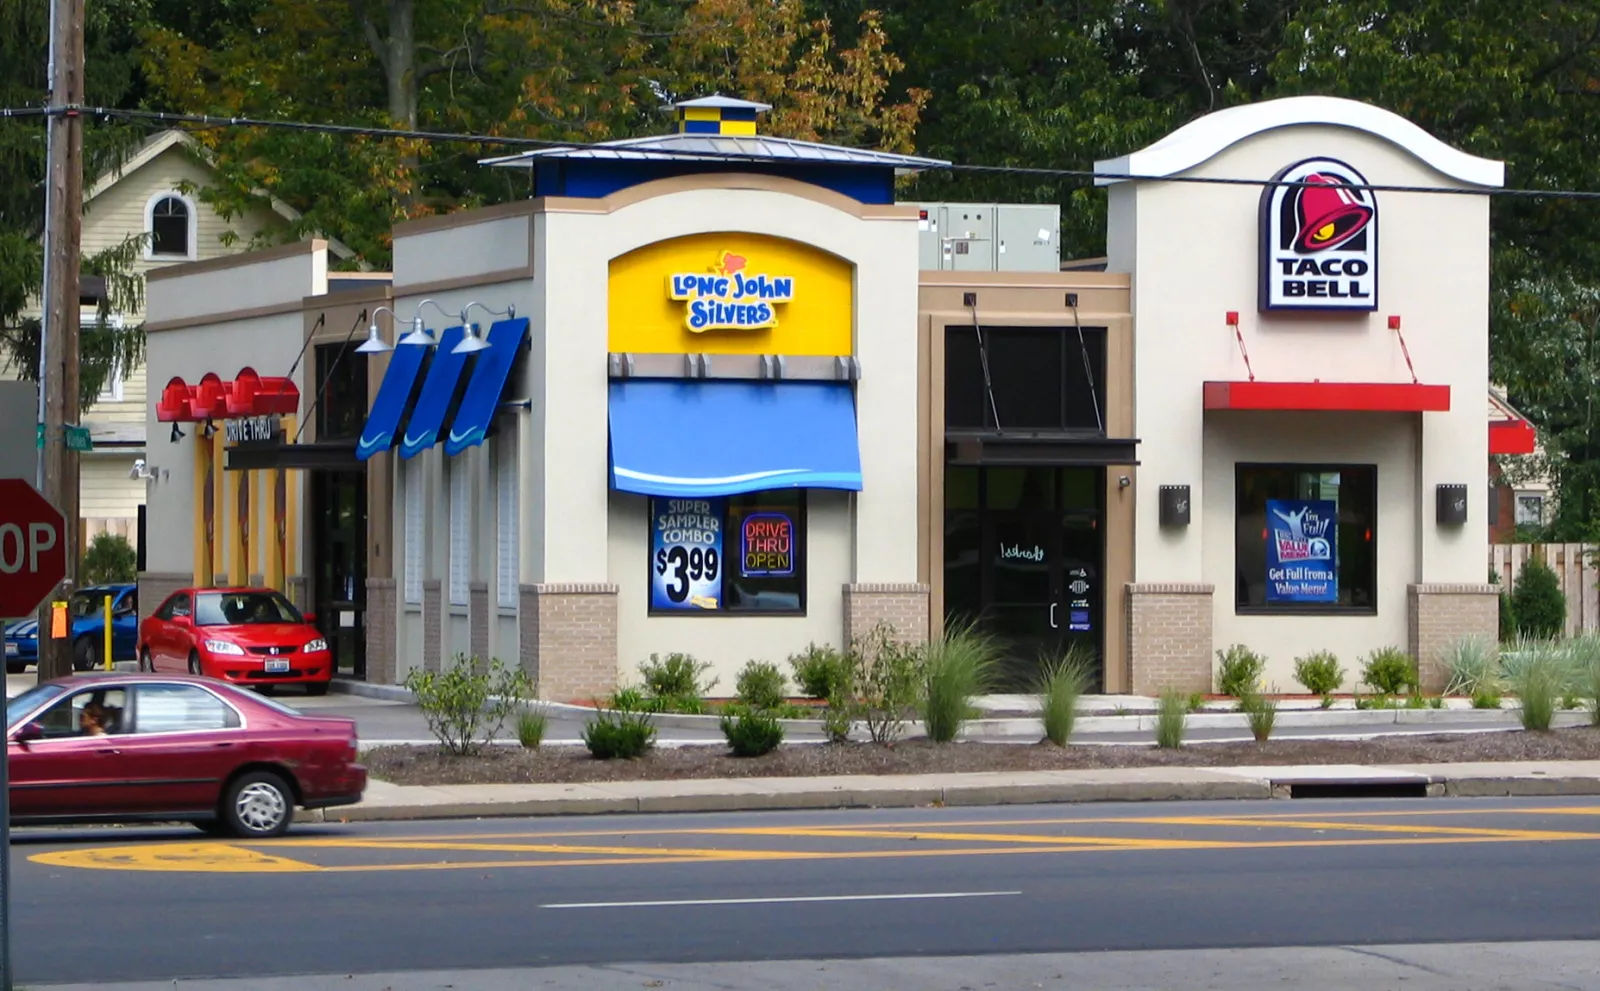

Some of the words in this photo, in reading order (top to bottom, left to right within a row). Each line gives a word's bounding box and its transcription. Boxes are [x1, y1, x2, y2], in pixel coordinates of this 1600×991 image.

[1276, 258, 1369, 276] TACO
[1282, 280, 1370, 298] BELL
[250, 419, 271, 441] THRU
[668, 500, 710, 515] SUPER
[658, 515, 719, 532] SAMPLER
[745, 522, 789, 538] DRIVE
[663, 529, 715, 545] COMBO
[0, 522, 57, 574] OP
[746, 538, 789, 553] THRU
[746, 553, 789, 569] OPEN
[1269, 568, 1285, 581] Get
[1286, 567, 1303, 580] Full
[1304, 567, 1327, 581] from
[1327, 571, 1334, 580] a
[1275, 582, 1300, 594] Value
--------
▸ Problem requirements
Without the pictures, give back the entries exactly.

▸ Result of the task
Some of the words in this photo, in reading order (top to bottom, left to right within a row). Each line gives a word's bounding box and its transcription. Boxes are [x1, y1, x2, y2], in pixel coordinates of this 1600×991 image.

[1276, 258, 1369, 276] TACO
[1282, 280, 1370, 298] BELL
[250, 419, 271, 441] THRU
[668, 500, 710, 515] SUPER
[658, 515, 719, 532] SAMPLER
[745, 522, 789, 538] DRIVE
[663, 529, 715, 545] COMBO
[0, 522, 57, 574] OP
[746, 538, 789, 553] THRU
[746, 553, 789, 569] OPEN
[1269, 568, 1285, 581] Get
[1286, 567, 1303, 580] Full
[1304, 567, 1327, 581] from
[1327, 571, 1334, 580] a
[1275, 582, 1300, 594] Value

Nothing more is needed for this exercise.